Dont sweat it. Im already back to XP


----------



## ACA529 (Nov 16, 2005)

greenday_lp said:


> Dont sweat it. Im already back to XP


That's the road many take...   :up:


----------



## Sithtiger (Aug 2, 2007)

Don't give up so easily. You're problem is an easy fix. When you installed your DX9 games, it probably installed DX9 again....which is fine. All you need to do is reinstall DX10 and you'll be good to go. 

The same thing happened to me with one of my DX9 games. I just reinstalled DX10 and it worked right away. When you install DX10, it also installs any previous DX versions that you might use. Vista is the only OS that I know of that allows a coexistence of two Direct X version so exist. I don't actually think there are two separate DX versions installed, but DX9 and DX10 almost seems to work independently of each other, despite that they really don't. 

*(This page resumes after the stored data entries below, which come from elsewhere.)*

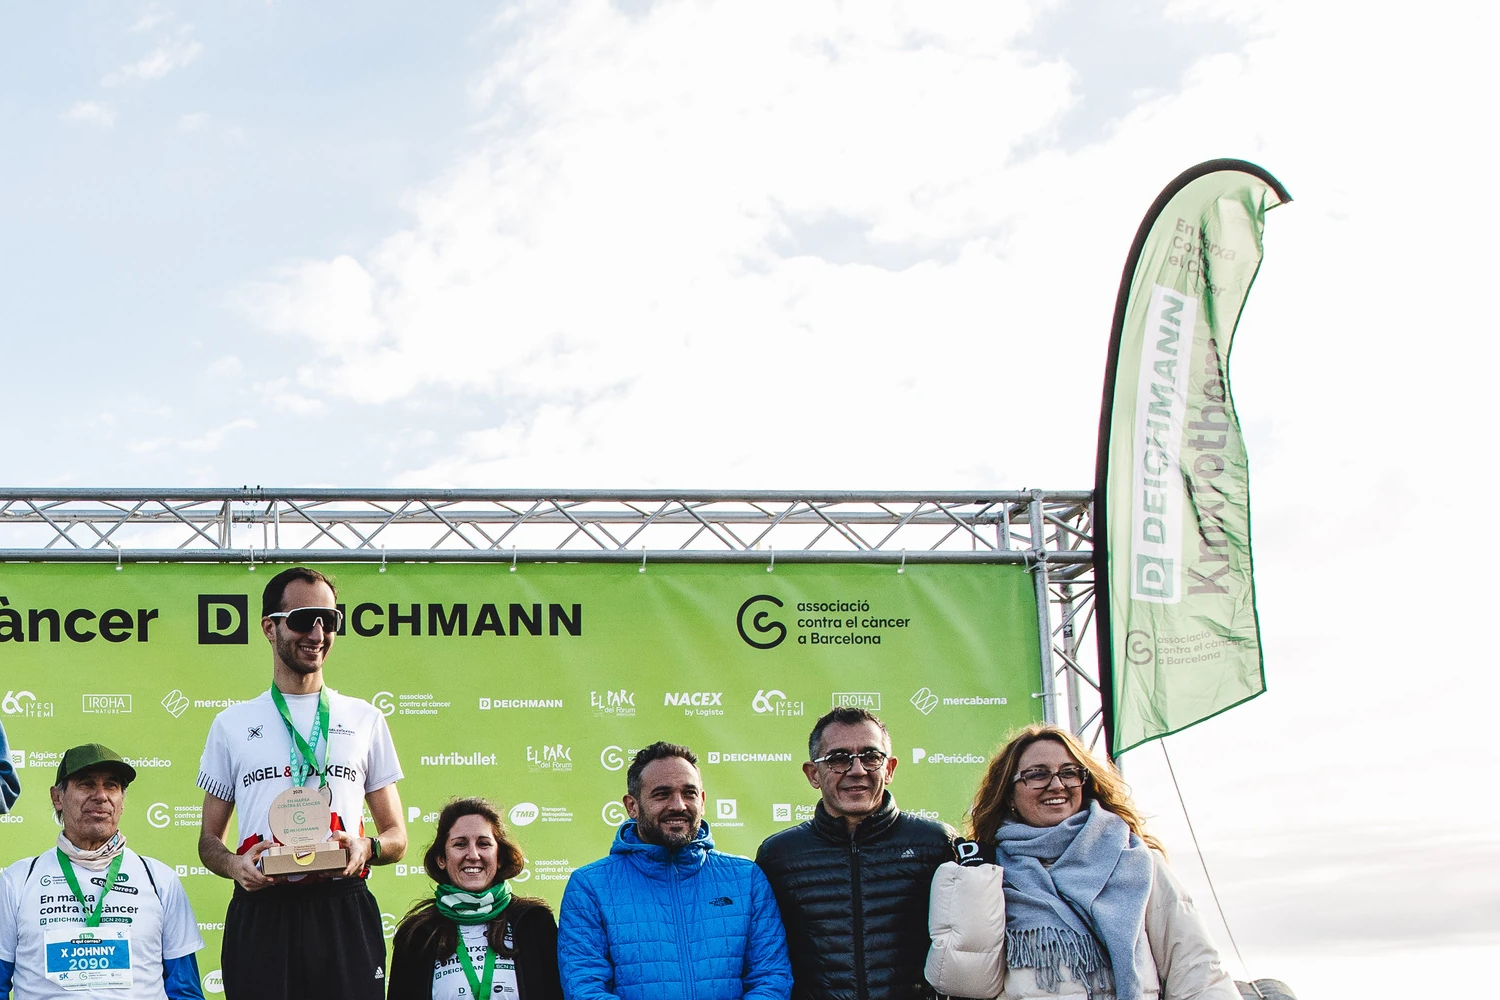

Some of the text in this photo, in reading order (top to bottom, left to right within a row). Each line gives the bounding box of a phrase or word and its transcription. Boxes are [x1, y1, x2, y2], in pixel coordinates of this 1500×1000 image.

[1176, 217, 1194, 237] En
[1168, 255, 1184, 269] el
[1143, 295, 1185, 544] DEICHMANN
[797, 600, 870, 612] associació
[337, 603, 582, 637] ICHMANN
[797, 616, 910, 628] contra el càncer
[798, 632, 881, 644] a Barcelona
[1157, 631, 1211, 643] associació
[1158, 645, 1190, 654] contra
[1194, 643, 1202, 651] el
[1167, 651, 1220, 665] Barcelona
[90, 696, 125, 708] IROHA
[494, 700, 562, 708] DEICHMANN
[591, 691, 607, 711] EL
[664, 692, 722, 706] NACEX
[839, 695, 874, 706] IROHA
[943, 696, 1007, 705] mercabarna
[723, 753, 791, 761] DEICHMANN
[928, 753, 985, 763] elPeriódico
[243, 766, 282, 788] ENGEL
[284, 766, 292, 777] &
[40, 894, 95, 904] En maxa
[40, 904, 79, 915] contra
[61, 946, 115, 958] X JOHNNY
[69, 958, 109, 970] 2090

Anyway, I'd suggest going back to Vista again....it's the future and I recall XP having some birthing pains when it was first released too. BTW, I have both x32 (on my laptop) and x64 (on my desktop) variants of Vista and I much prefer Vista 64-bit over 32-bit ironically. I'm actually able to run everything I can run in Vista x32 in Vista x64 and more. Vista 64-bit is actually more stable than x32 is. 

I had some bugs when I upgraded my system a few months ago, but I'm glad I went with Vista now. Aside from the click Aero Glass 3D interface, the real gem in Vista (to me anyway) is Superfetch! It's the successor to XP's Prefetch and it use all the RAM you have to load programs that you use the most, which in turn means your favorite programs load noticeably faster than with XP. You don't have to worry about needing RAM either because Superfetch runs in low priority mode, so if you need memory for something that's not already loaded up, it gives it back to you instantaneous, so there's no waiting for Windows to free up memory. Is Vista slower with games....yeah, maybe 2 or 3 FPS, but from what I see, games look smoother in Vista than in XP!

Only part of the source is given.